■ What you should do ■
Quote every line of the data below as it stands, omitting pictures.

■ Material shown ■
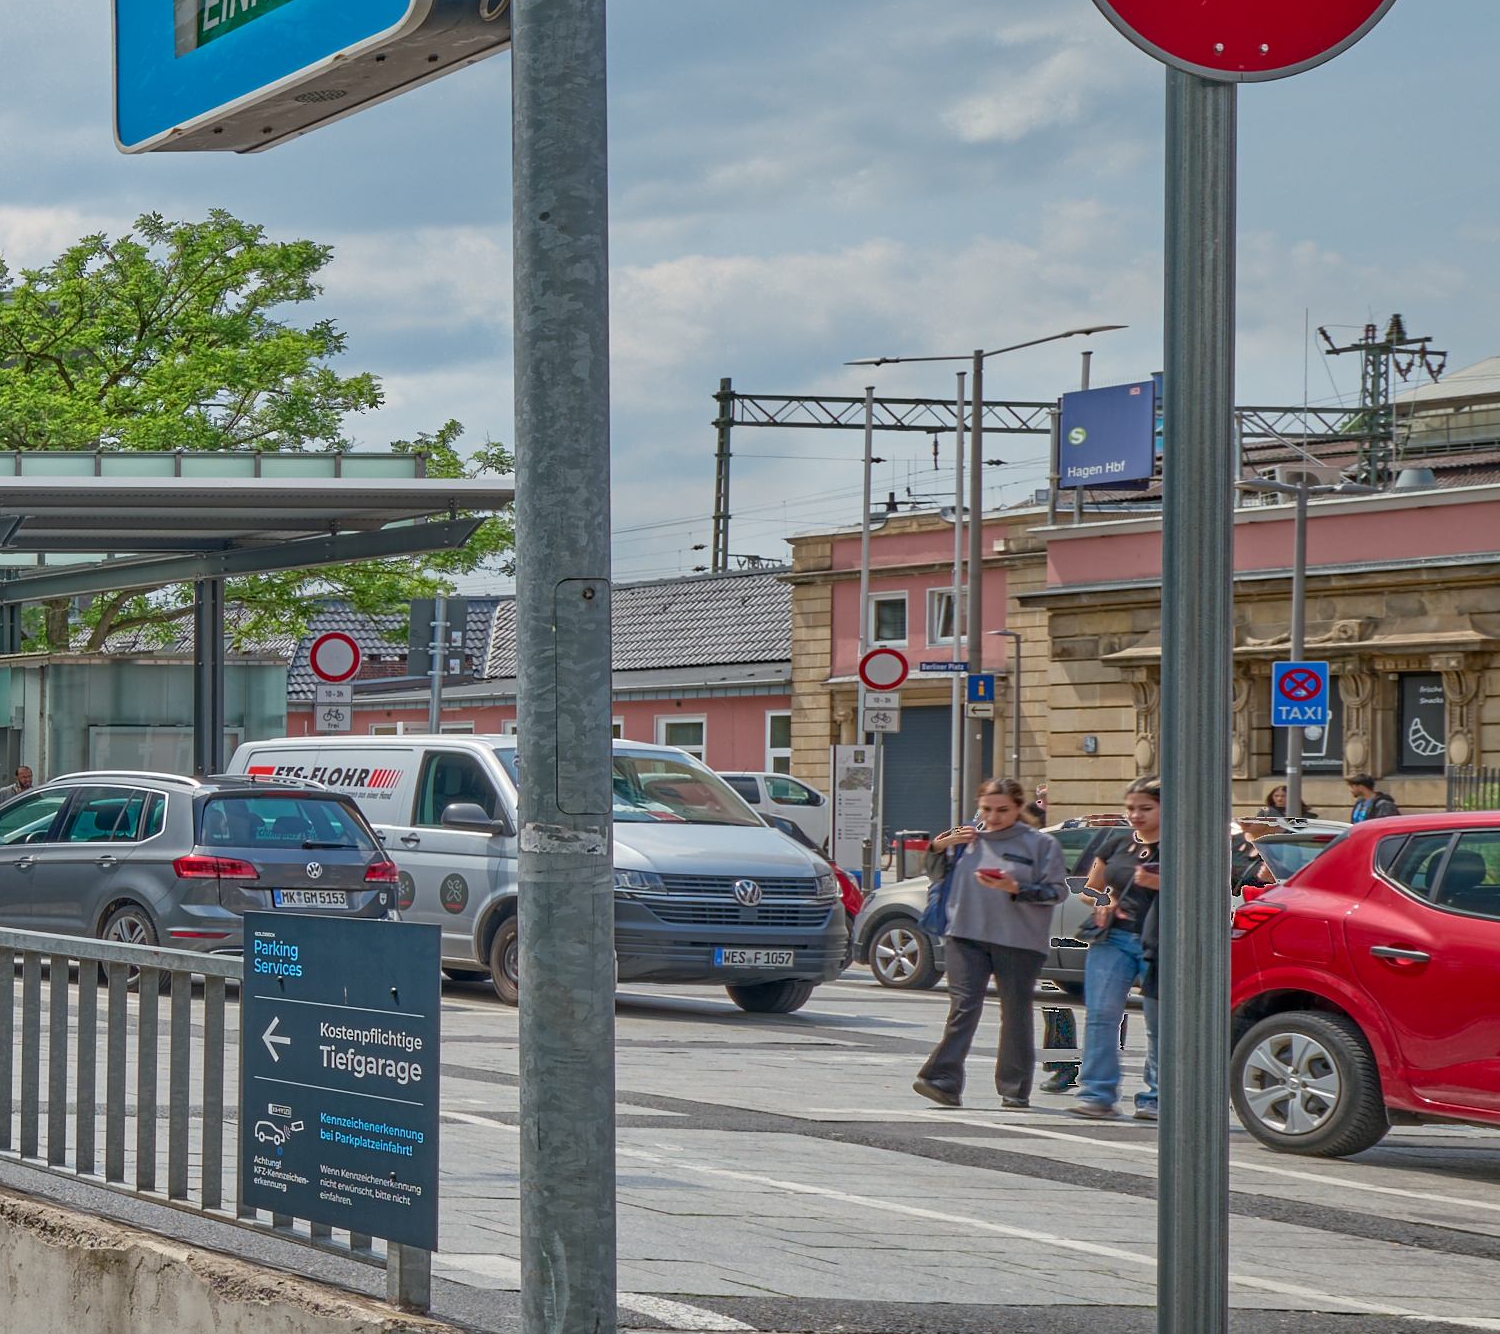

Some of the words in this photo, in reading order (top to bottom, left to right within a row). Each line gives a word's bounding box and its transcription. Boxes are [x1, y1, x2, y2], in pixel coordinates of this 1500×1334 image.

[1067, 465, 1102, 479] Hagen
[1105, 460, 1126, 473] Hbf
[1278, 706, 1322, 720] TAXI
[282, 891, 296, 904] MK
[303, 891, 317, 904] GM
[319, 892, 346, 904] 5153
[254, 939, 298, 961] Parking
[754, 952, 762, 964] F
[764, 952, 792, 965] 1057
[254, 958, 302, 977] Services
[320, 1021, 423, 1052] Kostenpflichtige
[319, 1045, 422, 1085] Tiefgarage
[320, 1112, 424, 1144] Kennzeichenerkennung
[320, 1128, 334, 1141] bei
[335, 1132, 413, 1157] Parkplatzeinfahrt!
[253, 1155, 282, 1169] Achtung!
[253, 1177, 287, 1192] erkennung
[320, 1164, 340, 1176] Wenn
[341, 1169, 422, 1195] Kennzeichenerkennung
[320, 1178, 337, 1189] nicht
[375, 1188, 392, 1201] bitte
[392, 1194, 411, 1206] nicht
[320, 1191, 353, 1206] einfahren.

■ Task result ■
Some of the words in this photo, in reading order (top to bottom, left to right within a row). Each line gives a word's bounding box and its transcription. Boxes are [x1, y1, x2, y2], in pixel coordinates of this 1500×1334 image.

[1067, 465, 1102, 479] Hagen
[1105, 460, 1126, 473] Hbf
[1278, 706, 1322, 720] TAXI
[282, 891, 296, 904] MK
[303, 891, 317, 904] GM
[319, 892, 346, 904] 5153
[254, 939, 298, 961] Parking
[754, 952, 762, 964] F
[764, 952, 792, 965] 1057
[254, 958, 302, 977] Services
[320, 1021, 423, 1052] Kostenpflichtige
[319, 1045, 422, 1085] Tiefgarage
[320, 1112, 424, 1144] Kennzeichenerkennung
[320, 1128, 334, 1141] bei
[335, 1132, 413, 1157] Parkplatzeinfahrt!
[253, 1155, 282, 1169] Achtung!
[253, 1177, 287, 1192] erkennung
[320, 1164, 340, 1176] Wenn
[341, 1169, 422, 1195] Kennzeichenerkennung
[320, 1178, 337, 1189] nicht
[375, 1188, 392, 1201] bitte
[392, 1194, 411, 1206] nicht
[320, 1191, 353, 1206] einfahren.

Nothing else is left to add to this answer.